Quante volte si sente dire dagli adulti frasi denigratorie attorno al Natale tipo “non vedo l’ora che finiscano le feste!”, “non se ne può più di questi regali”, “che sono tutti questi sprechi?” e simili? Non giriamoci intorno, infatti, e non nascondiamoci dietro ad un dito: quello che abbiamo descritto sopra è un’amara verità in cui siamo tutti immersi, volenti o nolenti. Tendiamo infatti ad antecedere le cose da fare a come e perché farle, e preferiamo correre a destra e sinistra anziché fermarci un momento. Fermare: un verbo tanto natalizio quanto oggigiorno negato. Si, esatto: un vero e proprio verbo natalizio. E posso affermare questa cosa a ragion veduta: cos'è, infatti, in ultima istanza il Natale se non la sospensione (e, dunque, l’inversione) di tutte le leggi dell’universo nel momento in cui è avvenuto «il misterioso scambio di doni»[1] tra l’eterno e il finito?
Entriamo qui logicamente in quello che per il mondo contemporaneo è un vero e proprio campo minato che, secondo il cosiddetto pensiero politicamente corretto, è meglio evitare: che cos'è il Natale? Noi, invece, non curandoci minimamente di questi problemi (che, anzi, riteniamo dannosi in quanto non aprono la mente umana alla conoscenza di tutte le realtà, costringendo l’intelletto in legacci difficili da sciogliere) vogliamo cercare di rispondere non solo alla domanda di prima ma, anzi, rispondere in maniera ancor più radicale, andando alla radice (per l’appunto) del problema: cos'è, veramente, profondamente, realmente, il Natale?
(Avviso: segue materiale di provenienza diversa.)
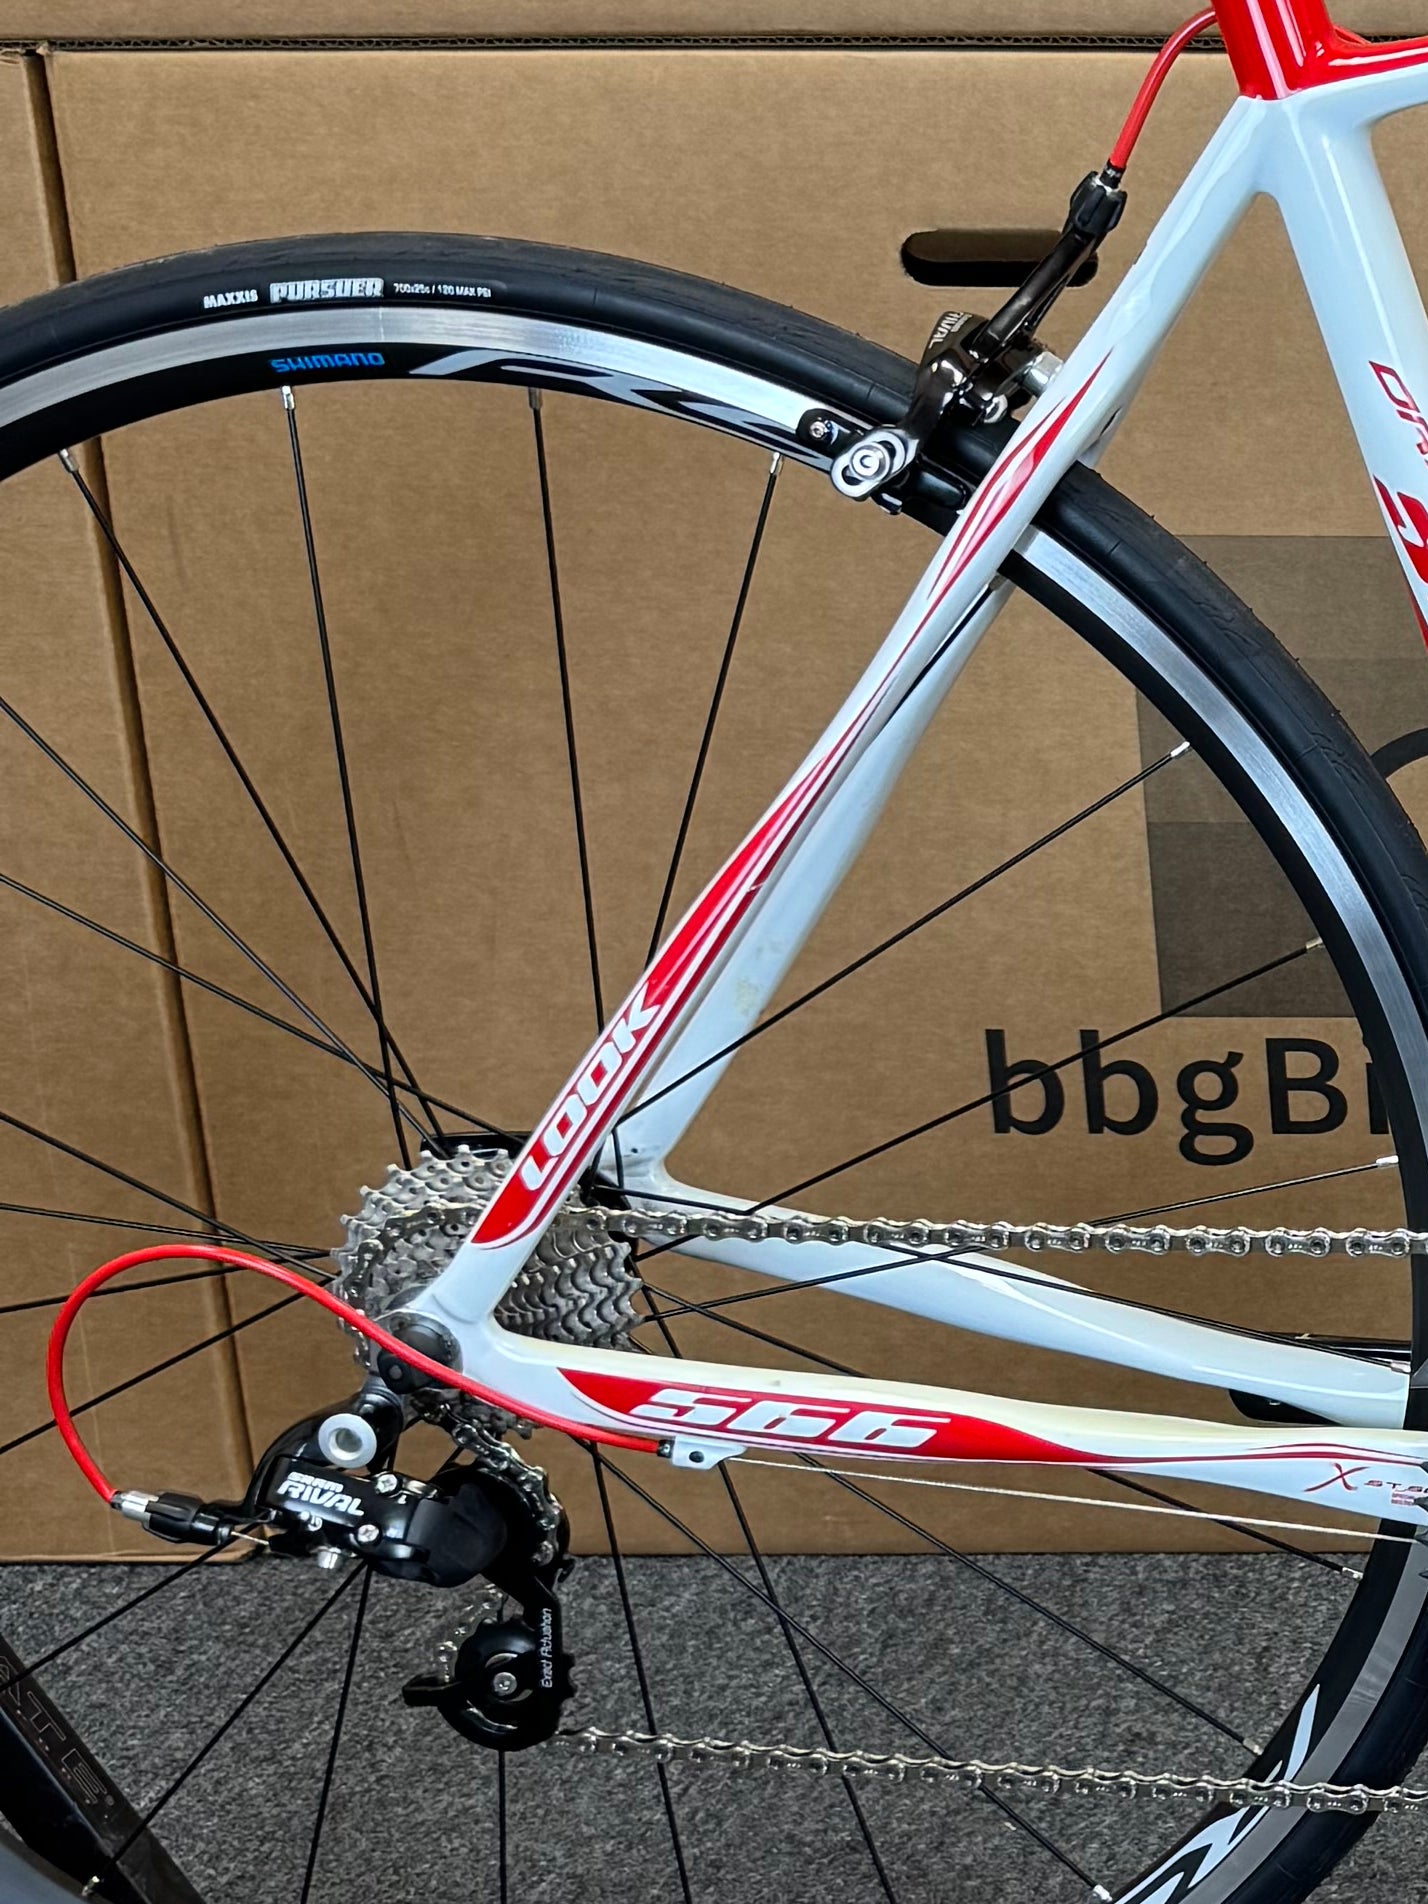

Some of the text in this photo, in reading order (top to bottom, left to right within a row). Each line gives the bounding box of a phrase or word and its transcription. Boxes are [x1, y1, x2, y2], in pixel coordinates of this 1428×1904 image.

[203, 289, 258, 309] MAXXIS
[269, 277, 384, 304] PURSUER
[270, 352, 385, 373] SHIMANO
[520, 980, 661, 1192] LOOK
[629, 1388, 952, 1448] 566
[276, 1479, 364, 1516] RIVAL
La risposta, ci piaccia o non ci piaccia, è semplice: è la festa cristiana (e non potrebbe essere altrimenti) che celebra la nascita sulla terra di Gesù, che sarà successivamente detto Cristo, ovvero il Figlio di Dio inviato nel mondo per la redenzione di tutti gli uomini, avvenuta circa 2000 anni fa in un villaggio dell’attuale Palestina, Betlemme. Nessun altro avvenimento è pertanto minimamente paragonabile a quello che i cristiani festeggiano, e da sempre, in questo 25 Dicembre: non si festeggia infatti la nascita di un profeta o di un filosofo: a Natale si festeggia la nascita di Dio.
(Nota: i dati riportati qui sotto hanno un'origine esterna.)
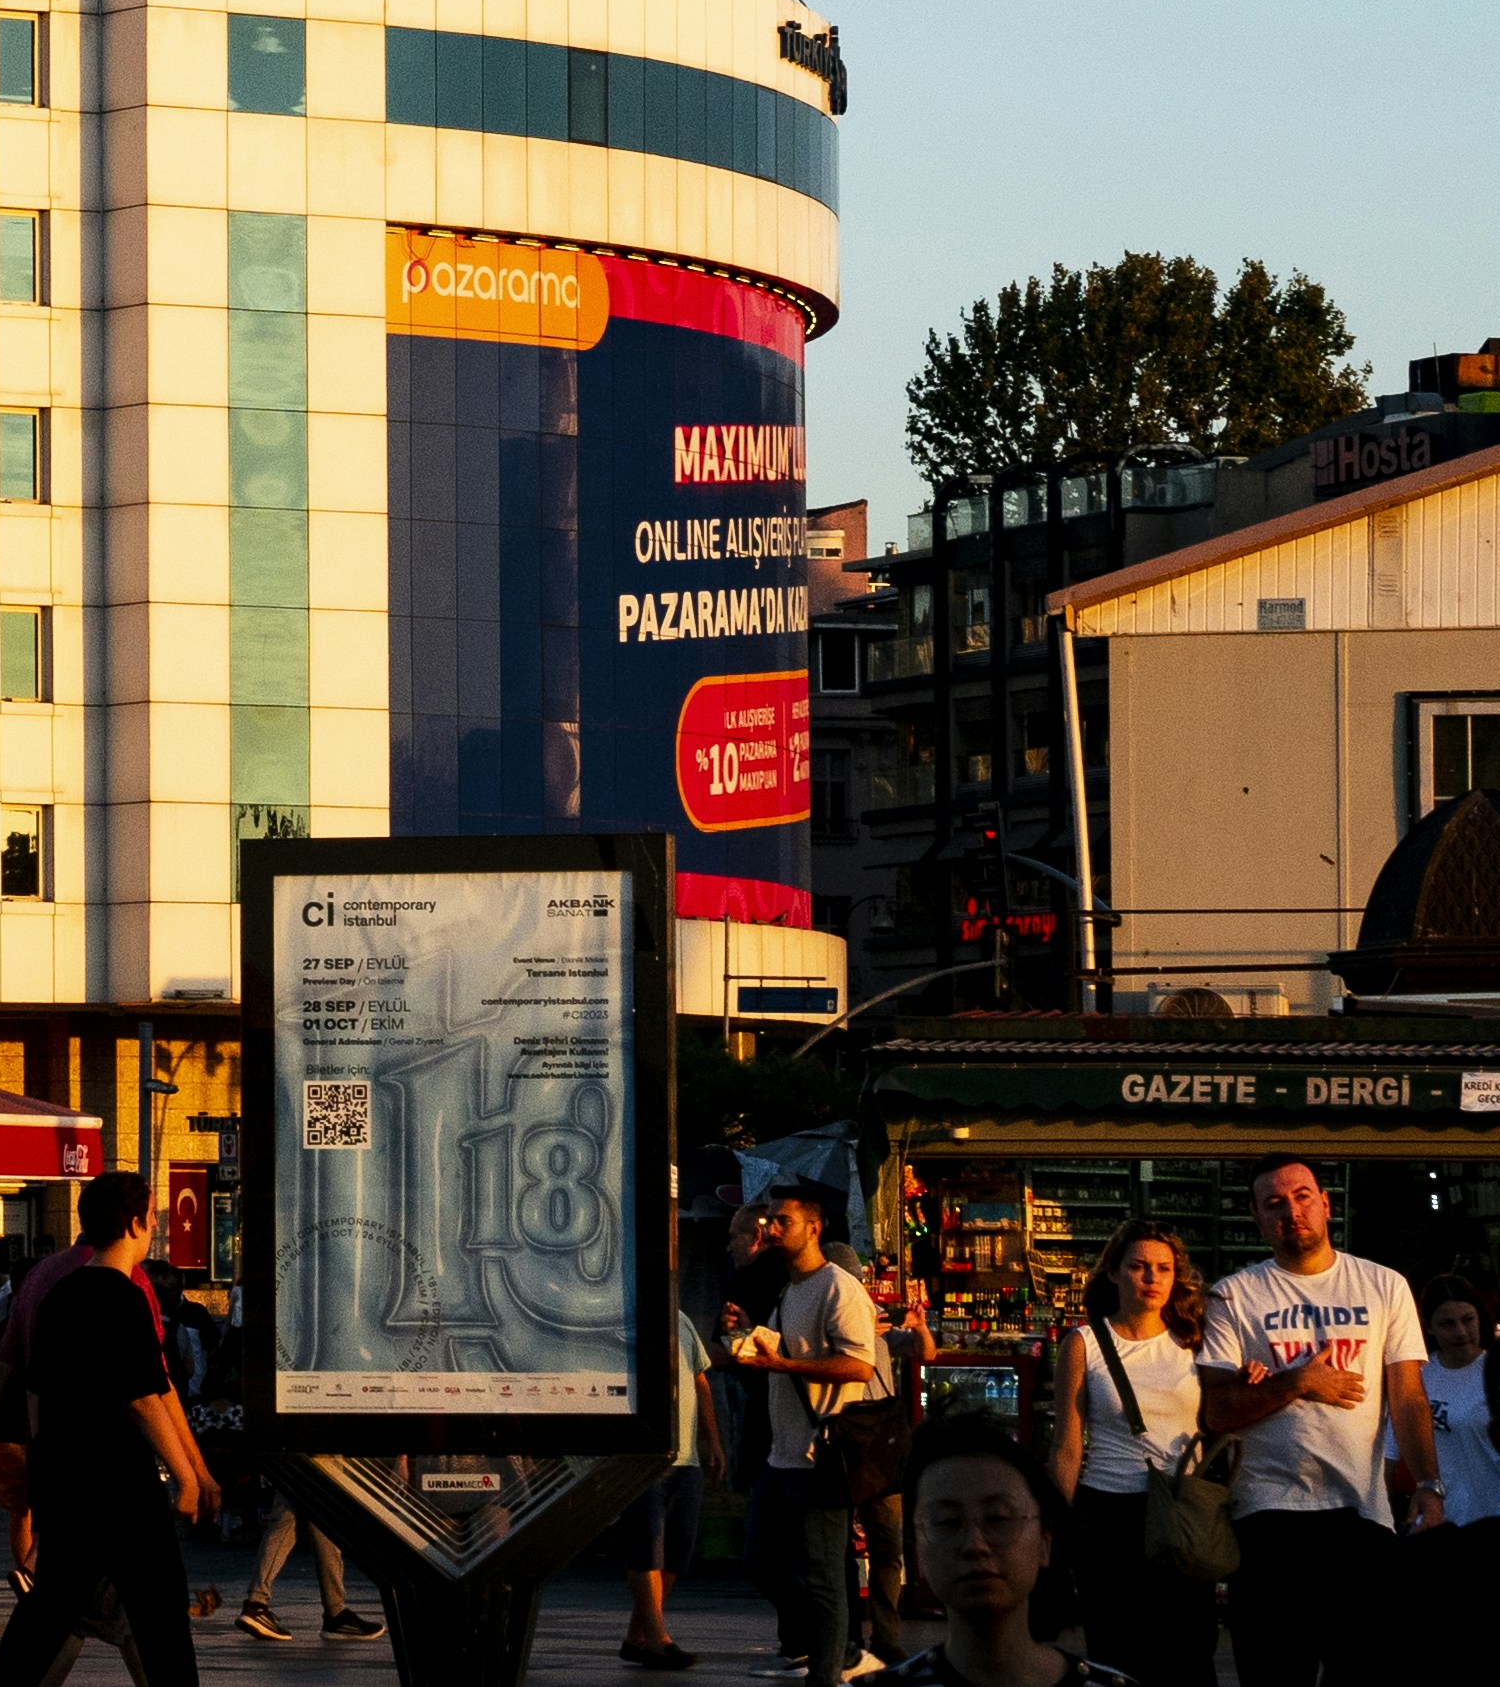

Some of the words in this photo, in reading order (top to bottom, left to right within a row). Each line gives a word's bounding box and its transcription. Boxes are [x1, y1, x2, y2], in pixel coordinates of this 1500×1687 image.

Partendo da questo evento è chiaro cosa volevamo dire prima: se si accetta pienamente la nascita di Cristo, infatti, è ovvio che ci si porrà in maniera differente dinanzi alla celebrazione delle festività natalizie: facendolo e meditandolo, inoltre, si capisce l’affermazione che il verbo ‘fermare’ è un verbo tipicamente natalizio. Ci è nuovamente utile il Prefazio citato poco sopra: in questa preghiera, che si recita nelle chiese cattoliche il giorno di Natale, infatti, è spiegato nel dettaglio il mistero che si celebra, vale a dire «il misterioso scambio che ci ha redenti: la nostra debolezza è assunta dal Verbo, l’uomo mortale è innalzato a dignità perenne e noi, uniti a te in comunione mirabile, condividiamo la tua vita immortale». Questo è infatti il Natale: l’inversione delle leggi non solo umane e sociali[2] bensì anche quelle fisiche, vale a dire delle leggi che da sempre governano l’universo intero. I cristiani non dovrebbero mai stancarsi di sottolineare questo aspetto perché è la testimonianza diretta dell’intervento di Dio nella storia dell’uomo: la nascita di Cristo, infatti, è un vero e proprio miracolo, vale a dire il sovvertimento delle leggi fisiche per diretto intervento di Dio. Per usare termini filosofici, possiamo dire giustamente che l’infinito entra nel finito. Anzi, sceglie di vivere in maniera finita (tant'è che Cristo morirà, come tutti gli uomini). Ma se vi è il sovvertimento delle leggi fisiche vuol dire che esse, almeno per un determinato tempo, sono state sospese: si sono, pertanto, fermate.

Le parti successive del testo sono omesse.